CMS proposes more flexibility in terms of holdover arrangements for space leases, equipment leases, and personal services arrangements. Holdovers are currently limited to six months on the same terms as the expired arrangement. CMS proposes allowing holdover to continue indefinitely, or alternatively, for definite periods of time (e.g., one year, three years, etc.). But, CMS also proposes to clarify that payment under the holdover arrangement must be fair market value at the time the lease expires and remain fair market value throughout the holdover period.
FQHCs and RHCs - Geographic Area
The proposed rules would add a new definition of “geographic area” for recruiting physicians to those areas served by a FQHC or RHC to ensure the definition appropriately captures the areas where FQHC and RHC patients reside and to provide certainty to FQHCs and RHCs that physician recruitment arrangements satisfy an exception.

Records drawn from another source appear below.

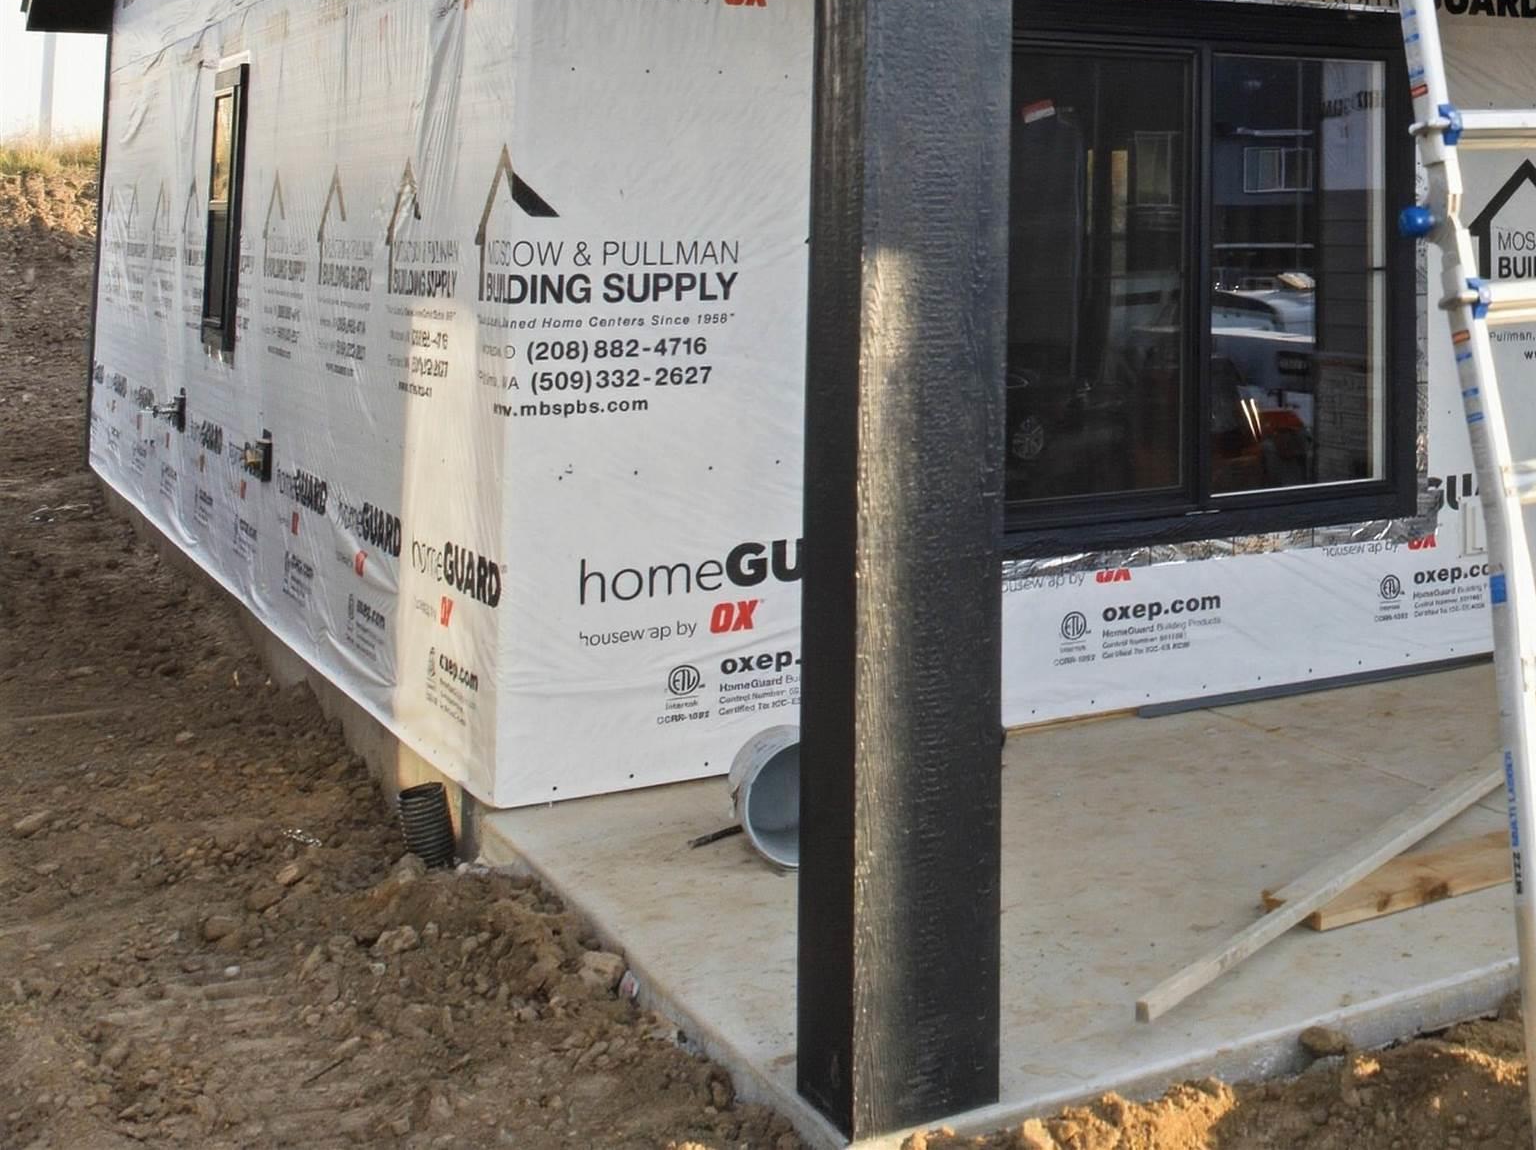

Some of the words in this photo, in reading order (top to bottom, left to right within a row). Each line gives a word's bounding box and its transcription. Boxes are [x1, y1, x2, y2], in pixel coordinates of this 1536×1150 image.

[573, 241, 592, 267] &
[602, 240, 740, 267] PULLMAN
[602, 272, 739, 303] SUPPLY
[542, 316, 583, 328] Home
[589, 315, 646, 328] Centers
[651, 313, 691, 326] Since
[676, 620, 698, 639] by
[710, 601, 758, 634] OX
[1102, 594, 1221, 623] oxep.com

Definition of Remuneration
The definition of “remuneration,” specifically excludes items “‘used solely’ to collect, transport, process or store specimens for the entity providing the items, devices or supplies, or to order or communicate the results of tests . . .” The definition was revised to make clear that whether these items are used for one or more of the six functions listed, the items will still be considered to be “used solely” for a permitted purpose, and therefore will be excluded from the definition of remuneration.
Stand in the Shoes
The proposed rules would clarify that while only owner or investor physicians and those who volunteer to “stand in the shoes” of their physician organizations will stand in the shoes for purposes of the signature requirements under certain exceptions, all physicians engaged by the organization will be deemed parties to the arrangement (including employees and independent contractor physicians) for purposes of applying all other requirements under the exceptions.

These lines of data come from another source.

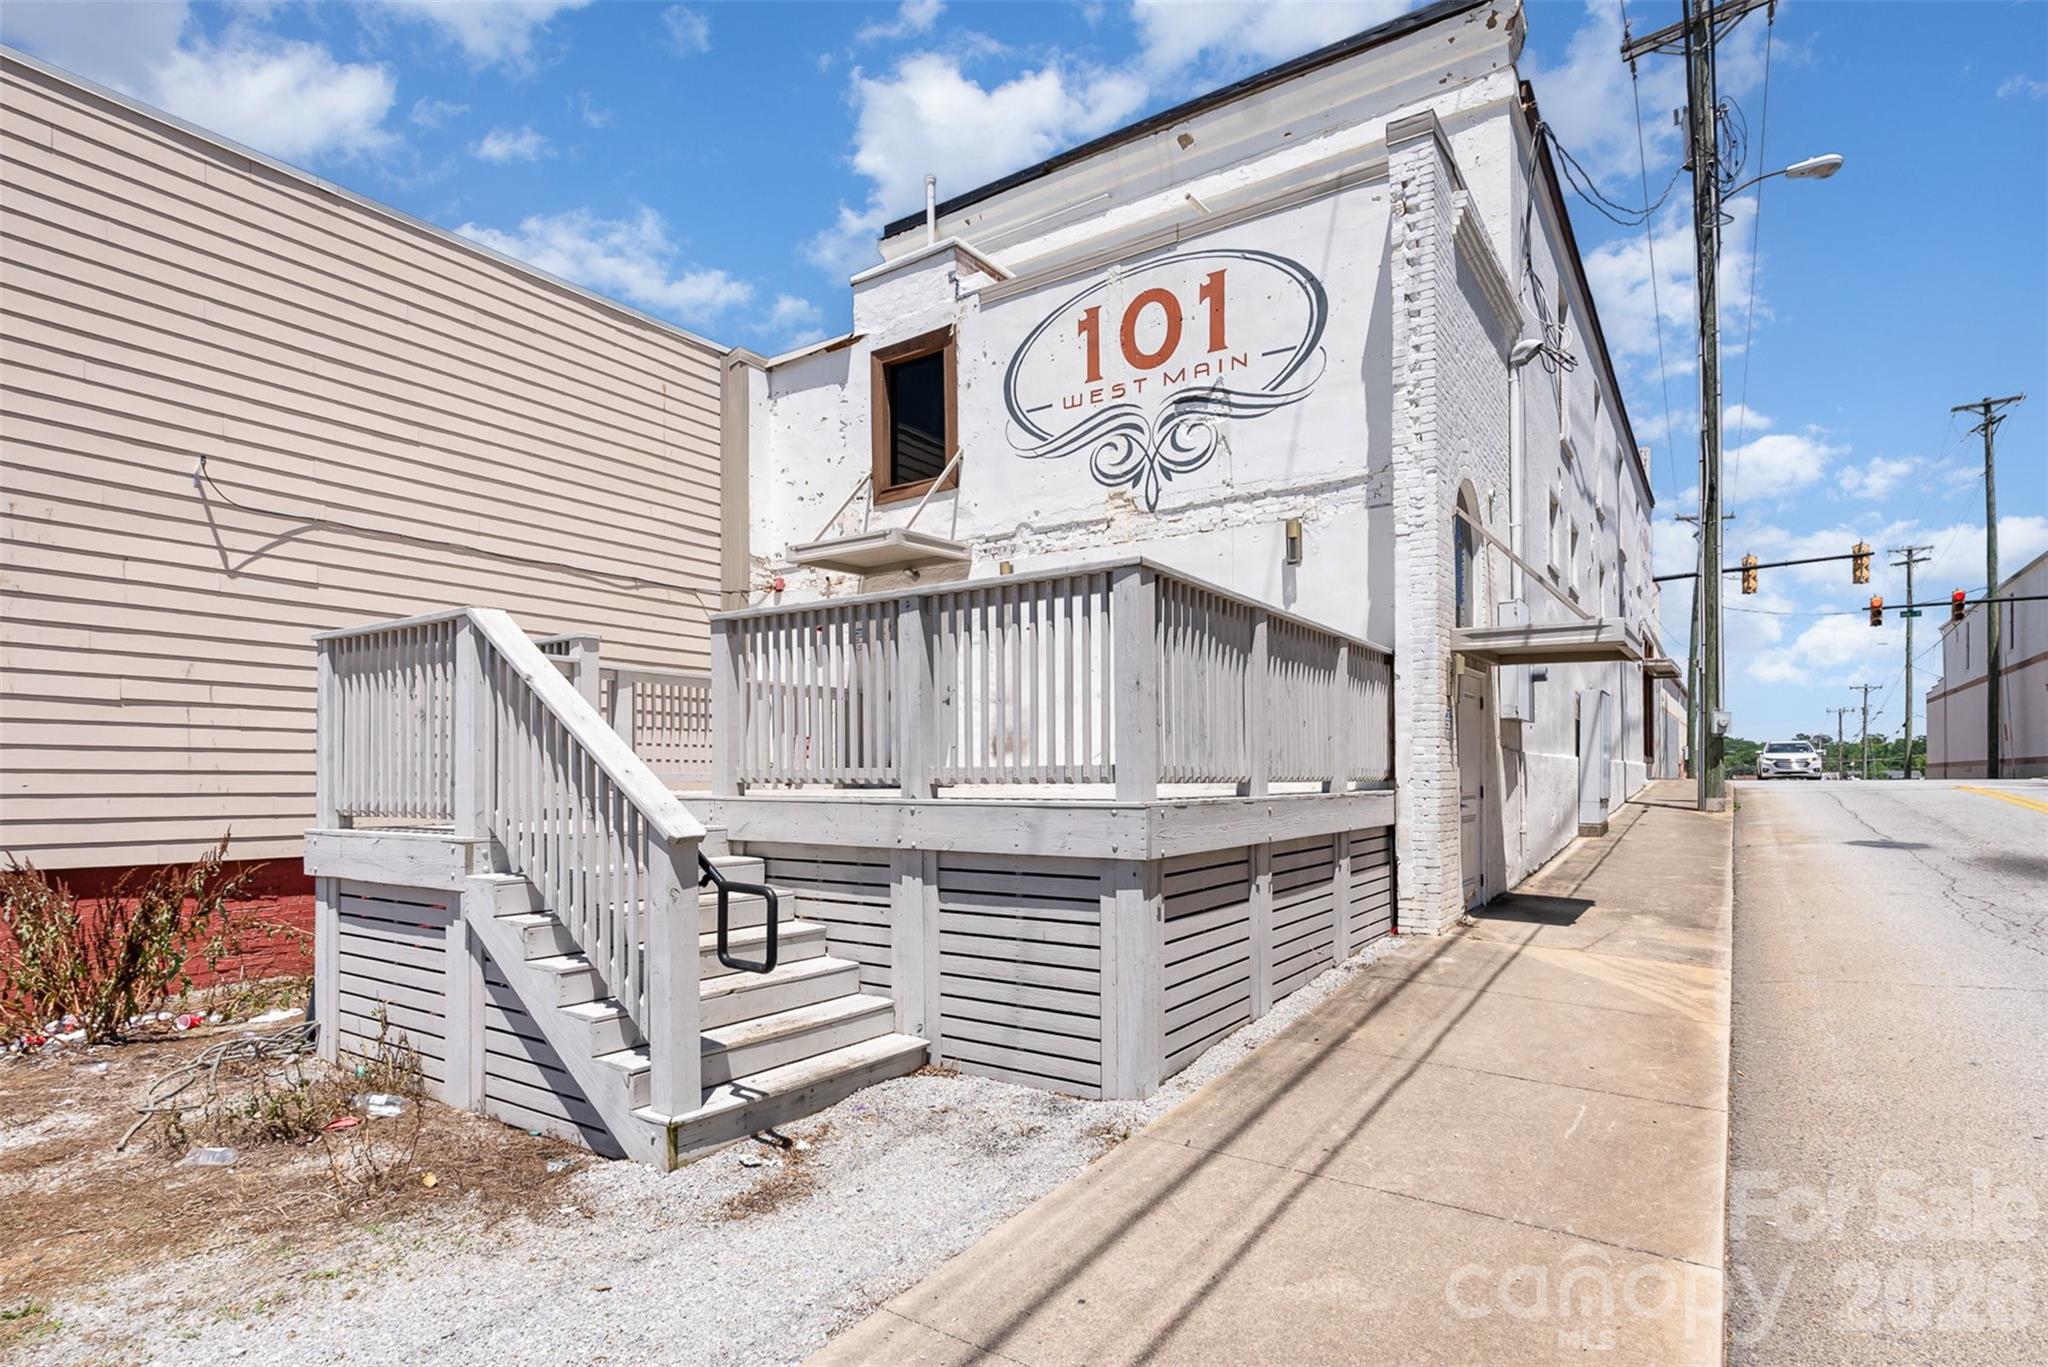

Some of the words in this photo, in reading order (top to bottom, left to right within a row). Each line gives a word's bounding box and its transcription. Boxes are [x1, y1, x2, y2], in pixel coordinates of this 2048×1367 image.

[1078, 269, 1228, 384] 101
[1064, 379, 1147, 409] WEST
[1163, 353, 1248, 386] MAIN
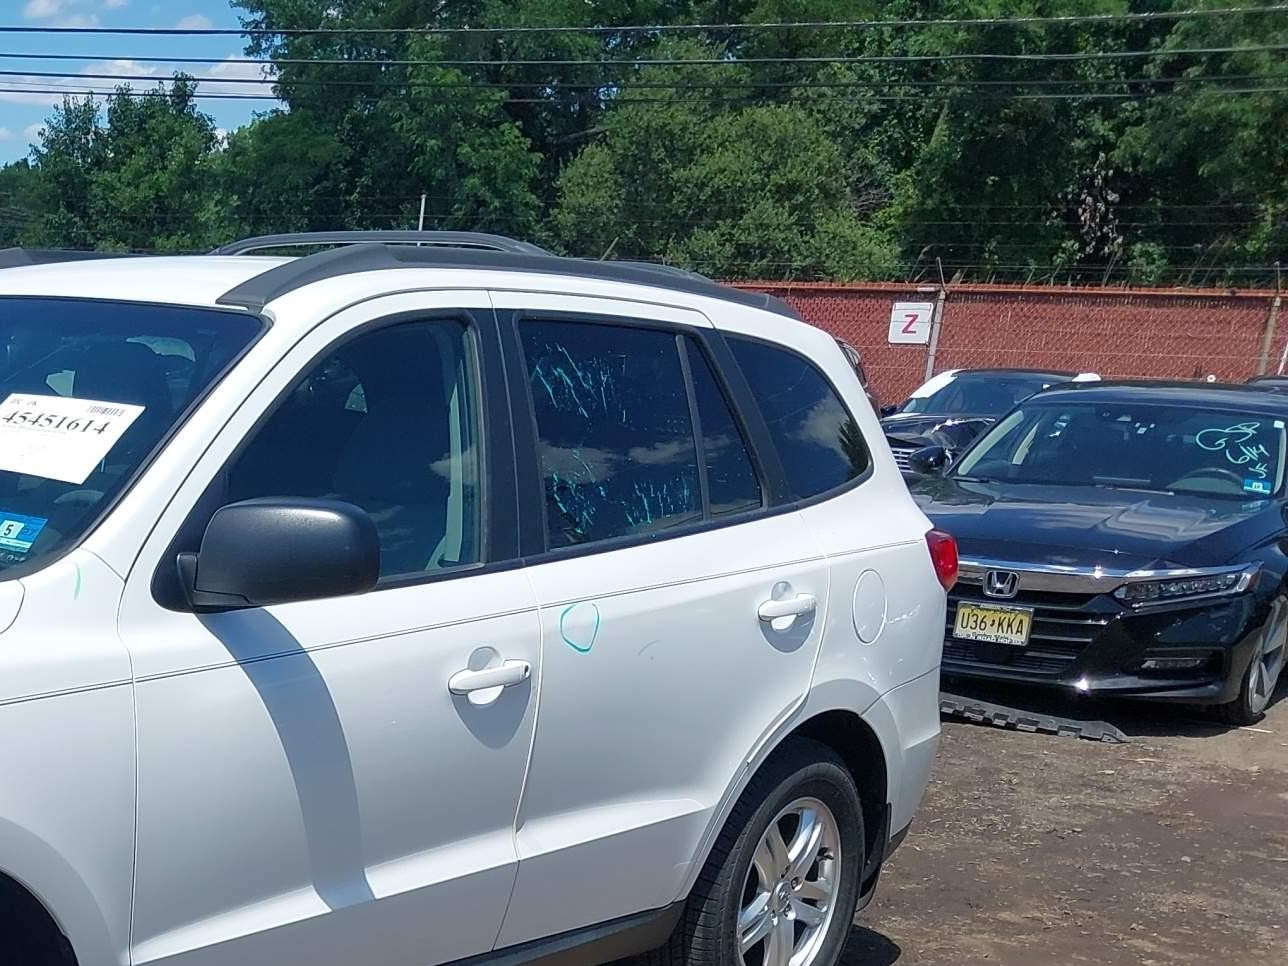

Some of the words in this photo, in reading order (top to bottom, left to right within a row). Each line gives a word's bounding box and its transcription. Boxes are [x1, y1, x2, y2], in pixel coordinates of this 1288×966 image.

[902, 314, 918, 334] Z
[1, 410, 111, 435] 45451614
[4, 524, 14, 536] 5
[960, 612, 987, 632] U36
[996, 616, 1024, 636] KKA

Physician-Owned Hospitals - Disclosure
Physician-owned hospitals (POH), which are required to disclose physician ownership on any “public website for the hospital,” would not have to disclose the physician ownership on certain social media and patient portals as these certain social media sites and patient portals would not fall under the definition of “public website for the hospital.”
Physician Owned Hospitals - Bona Fide Investment
CMS proposes reversing its prior stance on the issue of non-practicing or retired physician ownership in POHs. CMS previously took the position that non-referring physician owners would not be included in calculating the level of physician investment. The proposed rules would change the way ownership is calculated and could include both referring and non-referring physicians. If finalized, some POHs might be required to make adjustments to levels of physician investment to comply.
As noted above, these changes are not yet final. CMS will be accepting comments on a number of the proposed changes and clarifications through Sept. 8, 2015.